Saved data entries

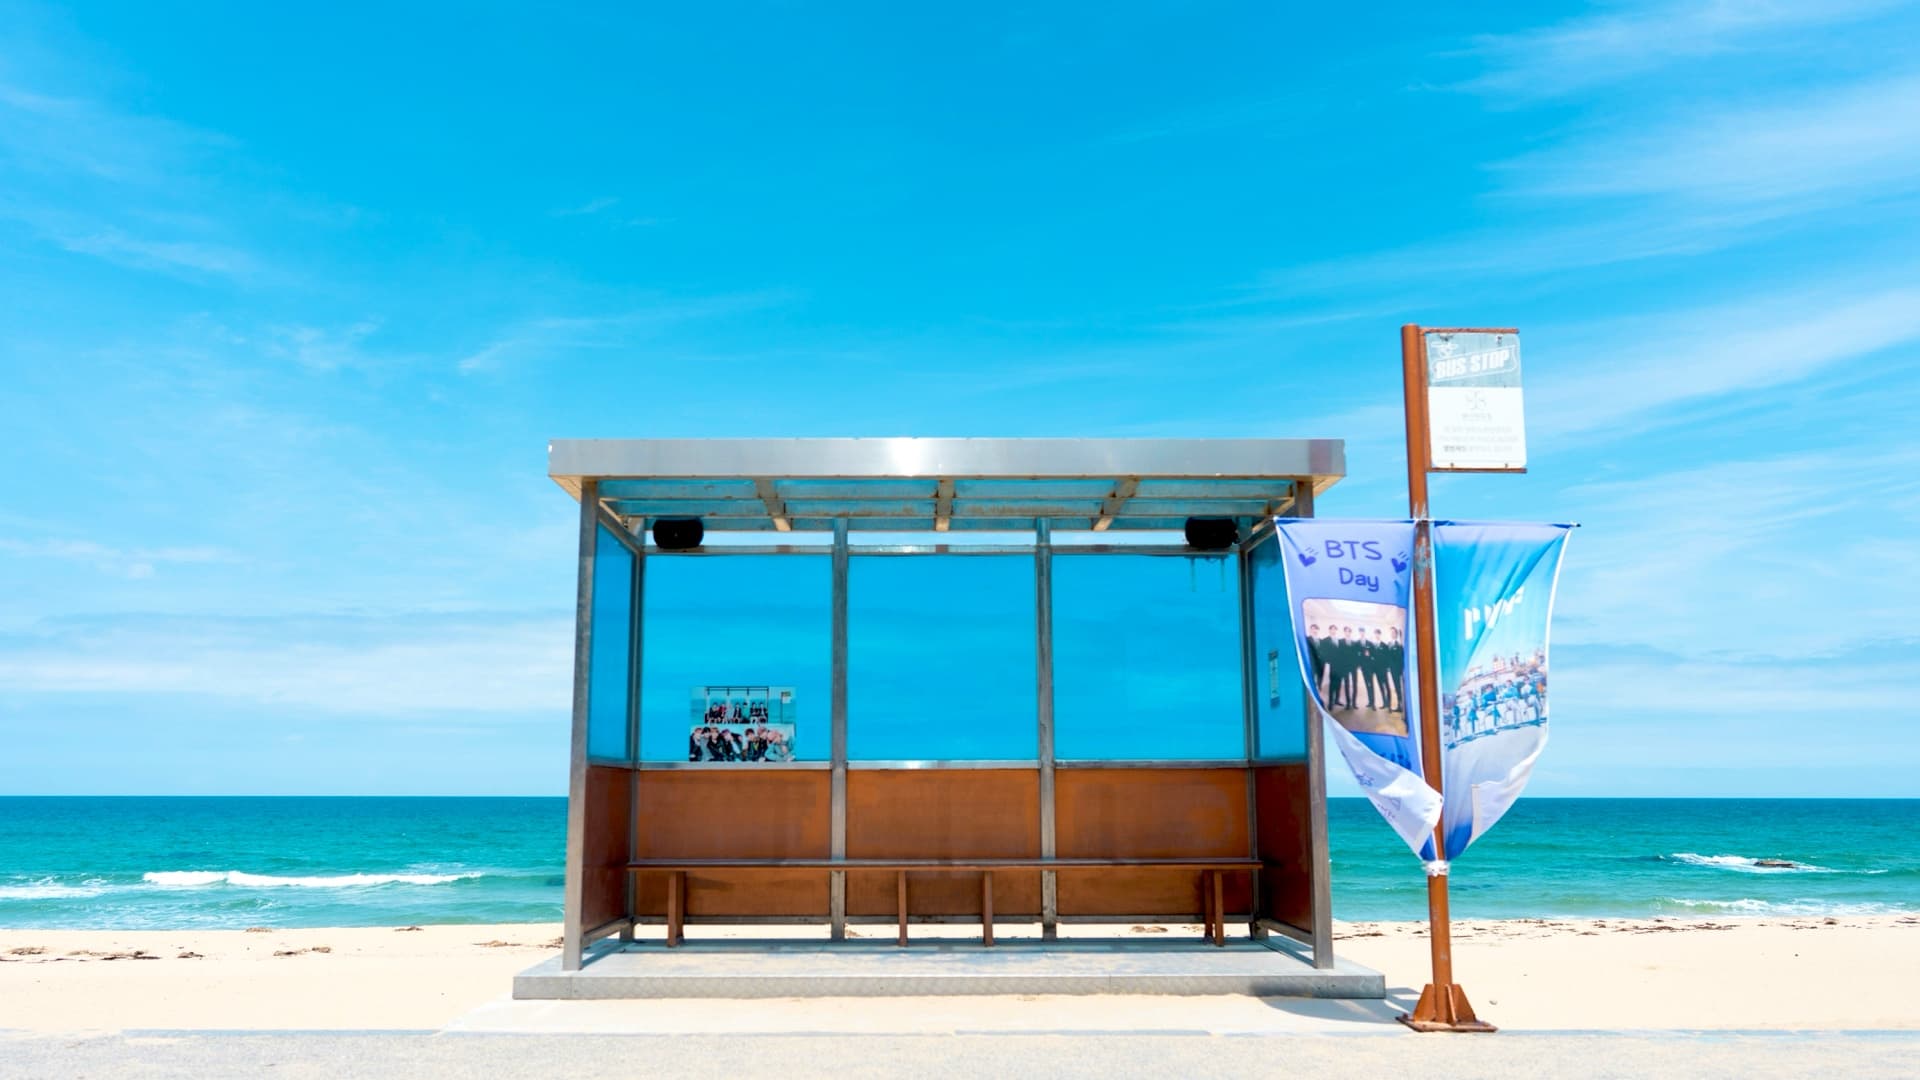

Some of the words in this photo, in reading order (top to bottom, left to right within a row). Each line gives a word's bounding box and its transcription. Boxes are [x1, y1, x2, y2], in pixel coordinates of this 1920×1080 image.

[1435, 357, 1467, 379] BUS
[1470, 349, 1510, 373] STOP
[1325, 540, 1383, 560] BTS
[1339, 567, 1379, 592] Day
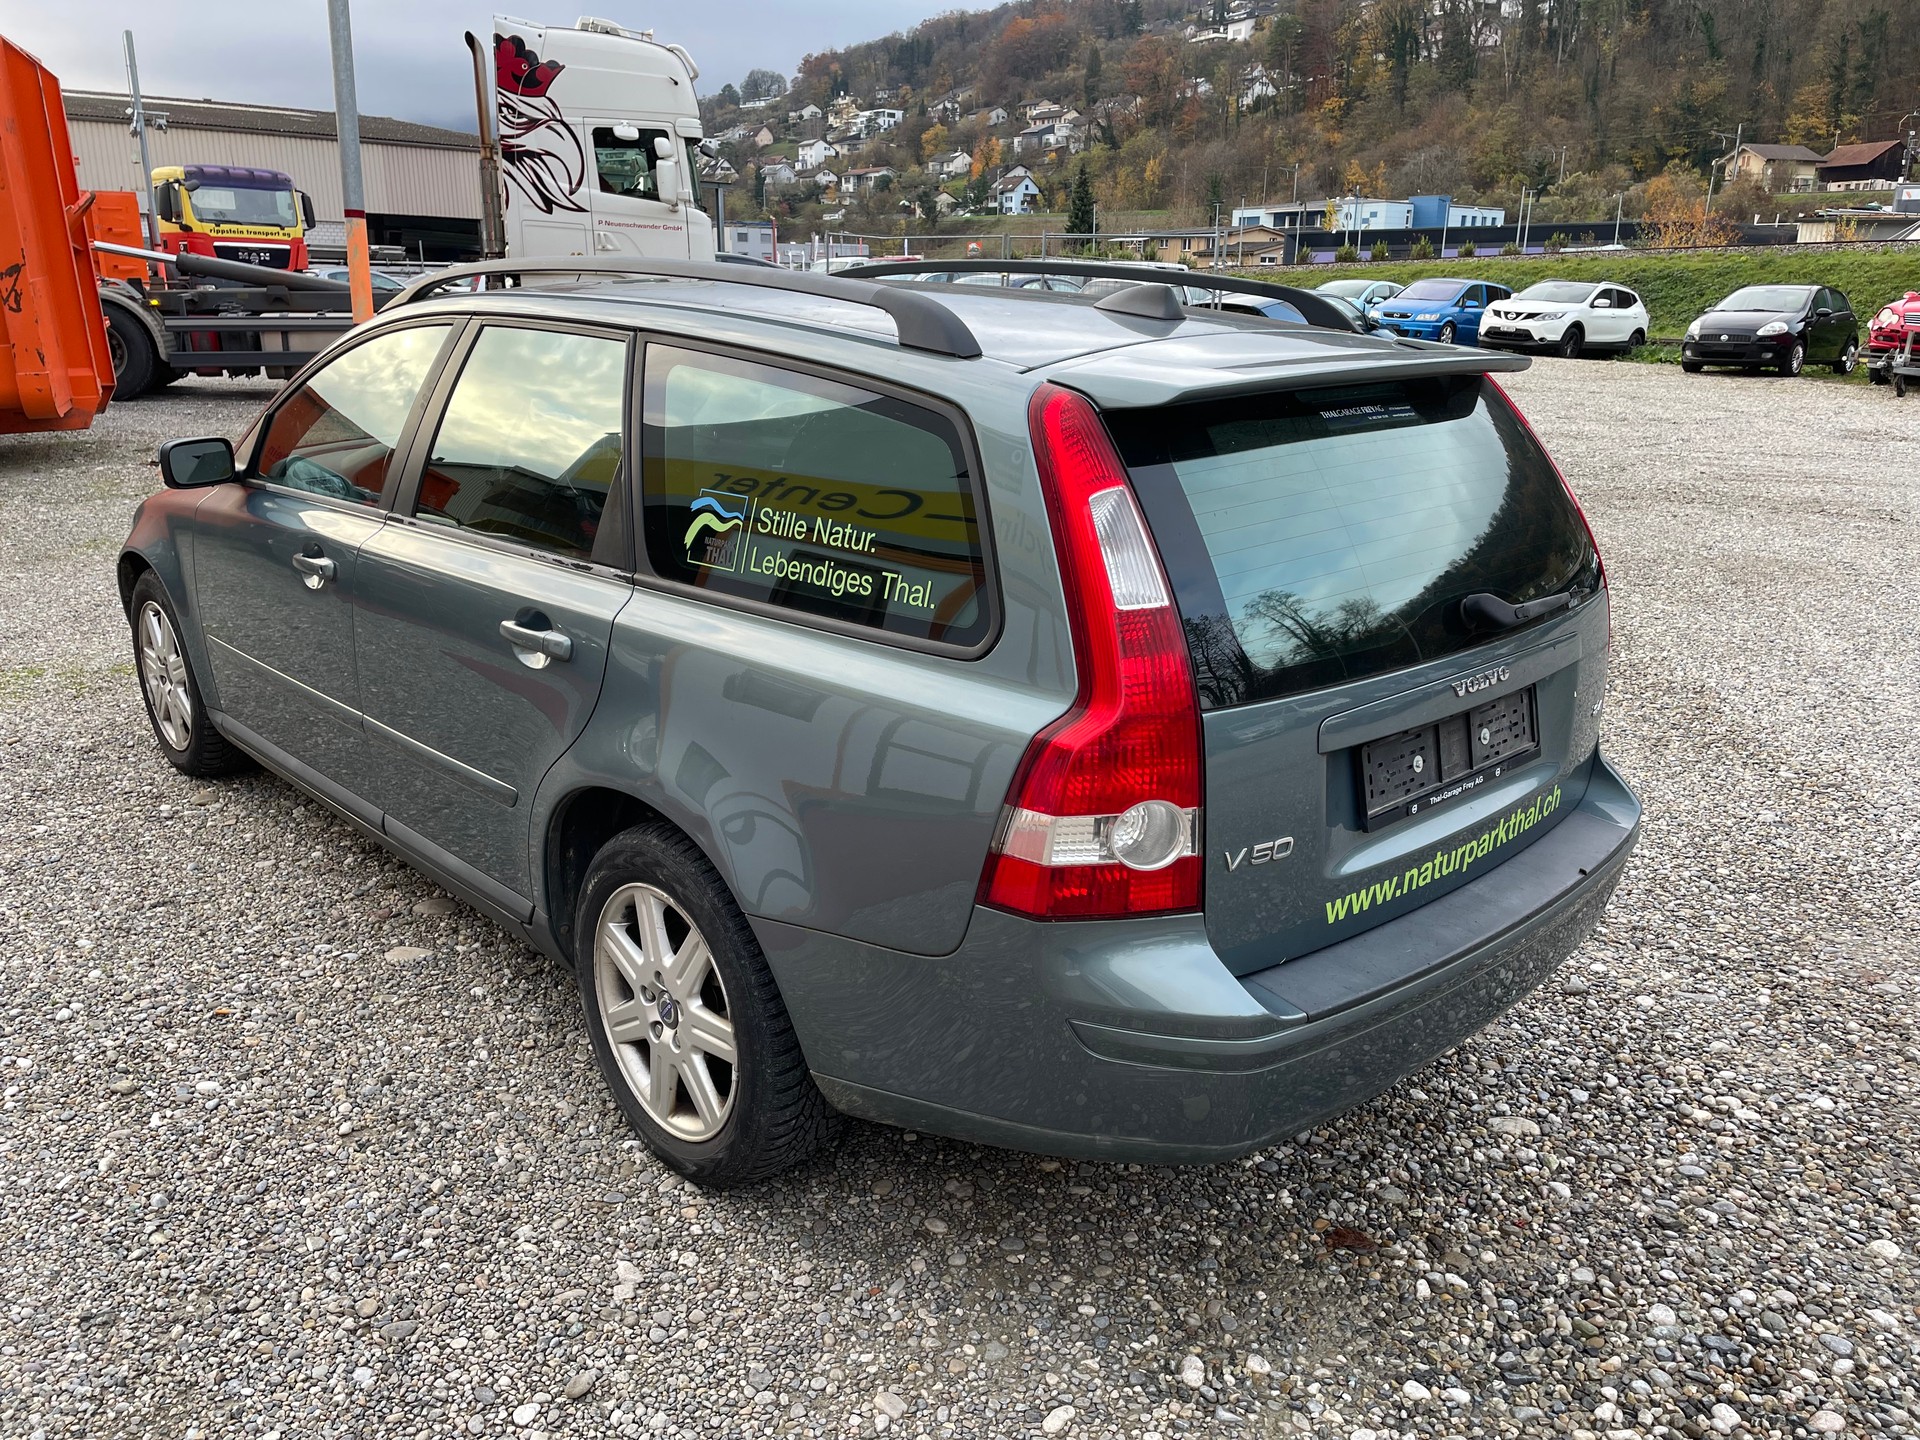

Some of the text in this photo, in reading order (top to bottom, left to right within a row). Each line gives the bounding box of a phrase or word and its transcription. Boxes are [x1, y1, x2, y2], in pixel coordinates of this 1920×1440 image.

[209, 227, 244, 235] rippstein
[604, 220, 661, 230] Neuenschwander
[238, 251, 270, 261] MAN
[757, 507, 877, 553] Stille Natur.
[704, 536, 737, 551] NATURPARK
[706, 546, 734, 567] THAL
[750, 546, 936, 609] Lebendiges Thal.
[1451, 665, 1510, 697] VOLVO
[1429, 775, 1484, 805] Thal-Garage Frey AG
[1325, 784, 1562, 924] www.naturparkthal.ch

About this exercise: Word for word, give the entries above again, with no images included.

Task response:
Some of the words in this photo, in reading order (top to bottom, left to right within a row). Each line gives a word's bounding box and its transcription. Boxes are [x1, y1, x2, y2], in pixel coordinates of this 1920×1080 image.

[1435, 357, 1467, 379] BUS
[1470, 349, 1510, 373] STOP
[1325, 540, 1383, 560] BTS
[1339, 567, 1379, 592] Day

Some of the text in this photo, in reading order (top to bottom, left to right within a row). Each line gives the bounding box of a phrase or word and its transcription. Boxes are [x1, y1, x2, y2], in pixel coordinates of this 1920×1440 image.

[209, 227, 244, 235] rippstein
[604, 220, 661, 230] Neuenschwander
[238, 251, 270, 261] MAN
[757, 507, 877, 553] Stille Natur.
[704, 536, 737, 551] NATURPARK
[706, 546, 734, 567] THAL
[750, 546, 936, 609] Lebendiges Thal.
[1451, 665, 1510, 697] VOLVO
[1429, 775, 1484, 805] Thal-Garage Frey AG
[1325, 784, 1562, 924] www.naturparkthal.ch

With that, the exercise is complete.